• _Goal of the exercise_
Leaving every picture out, repeat all of the entries below exactly.

• _Data supplied_
******
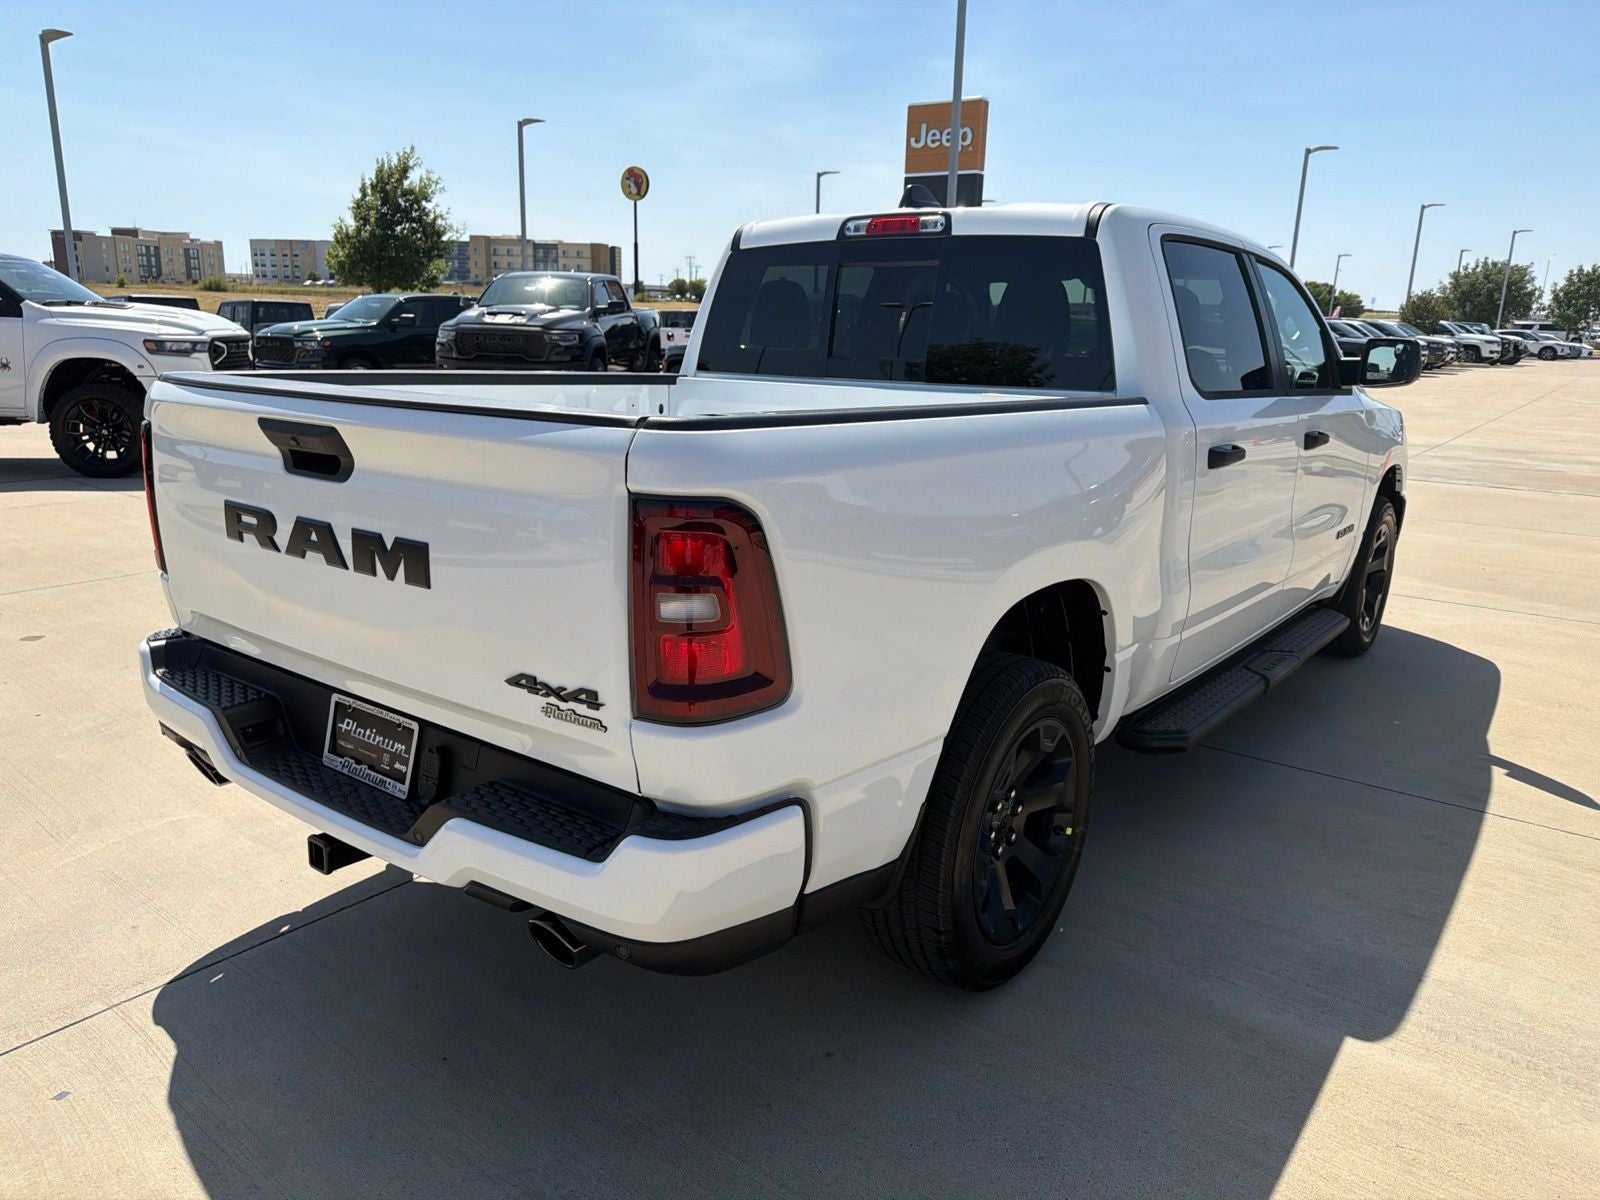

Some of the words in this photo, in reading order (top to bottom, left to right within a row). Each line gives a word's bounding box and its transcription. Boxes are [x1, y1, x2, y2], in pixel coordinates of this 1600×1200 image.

[910, 122, 973, 152] Jeep
[224, 499, 431, 590] RAM
[541, 703, 607, 732] Platinum
[338, 718, 409, 758] Platinum
[339, 758, 391, 790] Platinum
[393, 760, 407, 773] Jeep
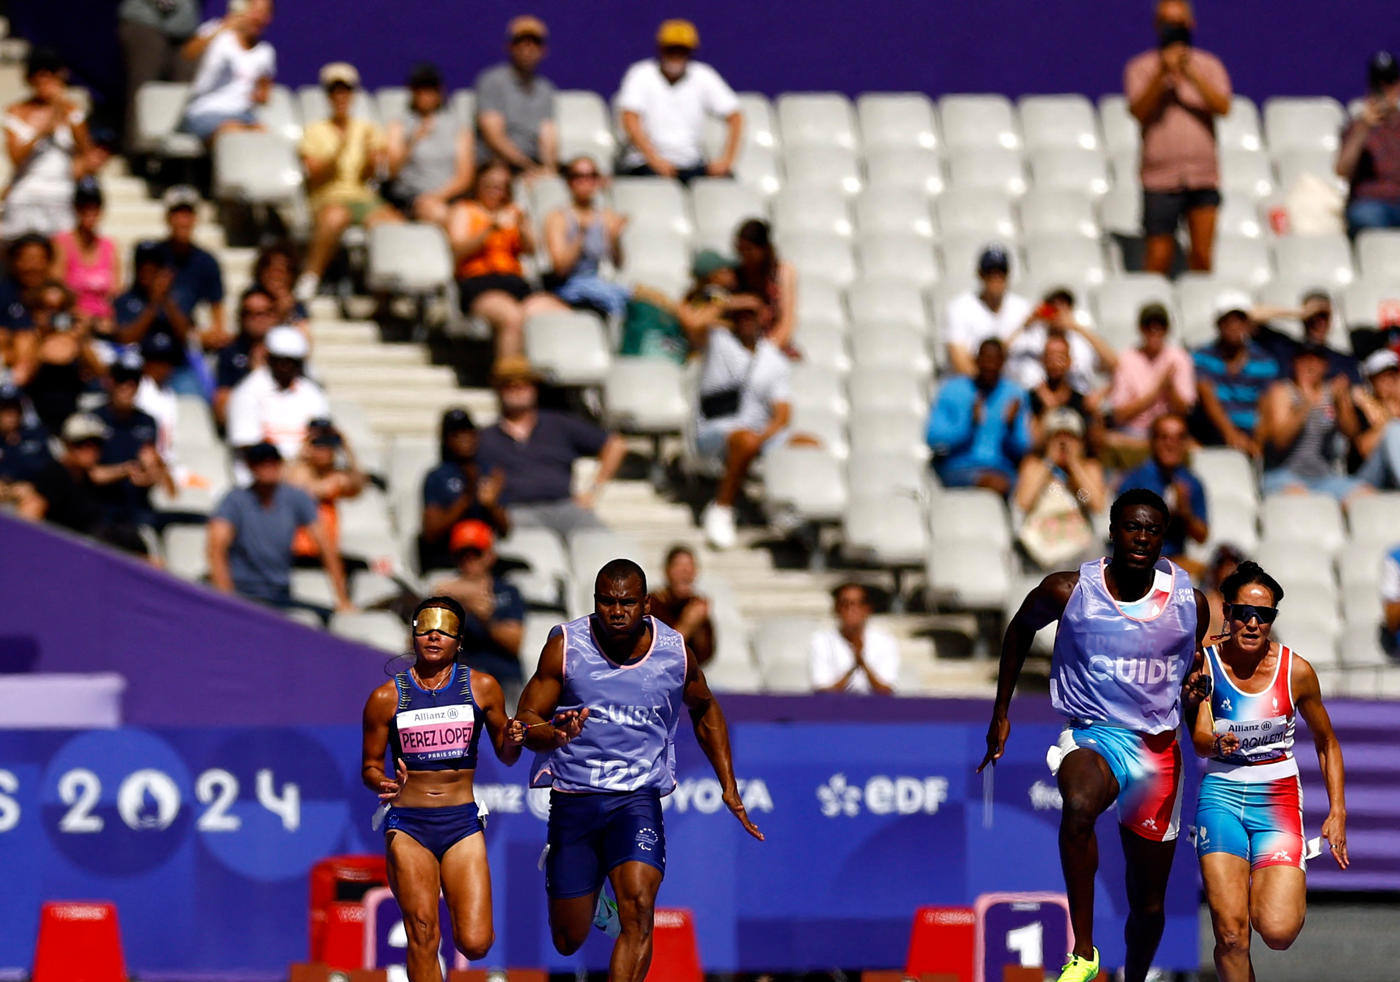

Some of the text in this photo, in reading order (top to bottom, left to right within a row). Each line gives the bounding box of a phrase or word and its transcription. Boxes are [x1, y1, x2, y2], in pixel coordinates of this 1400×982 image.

[1088, 653, 1181, 685] GUIDE
[414, 711, 447, 722] Allianz
[1228, 723, 1260, 733] Allianz
[402, 727, 472, 748] PEREZ LOPEZ
[58, 769, 300, 832] 2024
[1006, 919, 1044, 967] 1
******
• _Expected output_
Some of the words in this photo, in reading order (top to bottom, left to right within a row). Each line gives a word's bounding box and its transcription. Boxes are [x1, y1, x2, y2], in pixel coordinates of this 1600×1200 image.

[910, 122, 973, 152] Jeep
[224, 499, 431, 590] RAM
[541, 703, 607, 732] Platinum
[338, 718, 409, 758] Platinum
[339, 758, 391, 790] Platinum
[393, 760, 407, 773] Jeep

Some of the text in this photo, in reading order (top to bottom, left to right within a row). Each line gives the bounding box of a phrase or word and its transcription. Boxes are [x1, y1, x2, y2], in pixel coordinates of this 1400×982 image.

[1088, 653, 1181, 685] GUIDE
[414, 711, 447, 722] Allianz
[1228, 723, 1260, 733] Allianz
[402, 727, 472, 748] PEREZ LOPEZ
[58, 769, 300, 832] 2024
[1006, 919, 1044, 967] 1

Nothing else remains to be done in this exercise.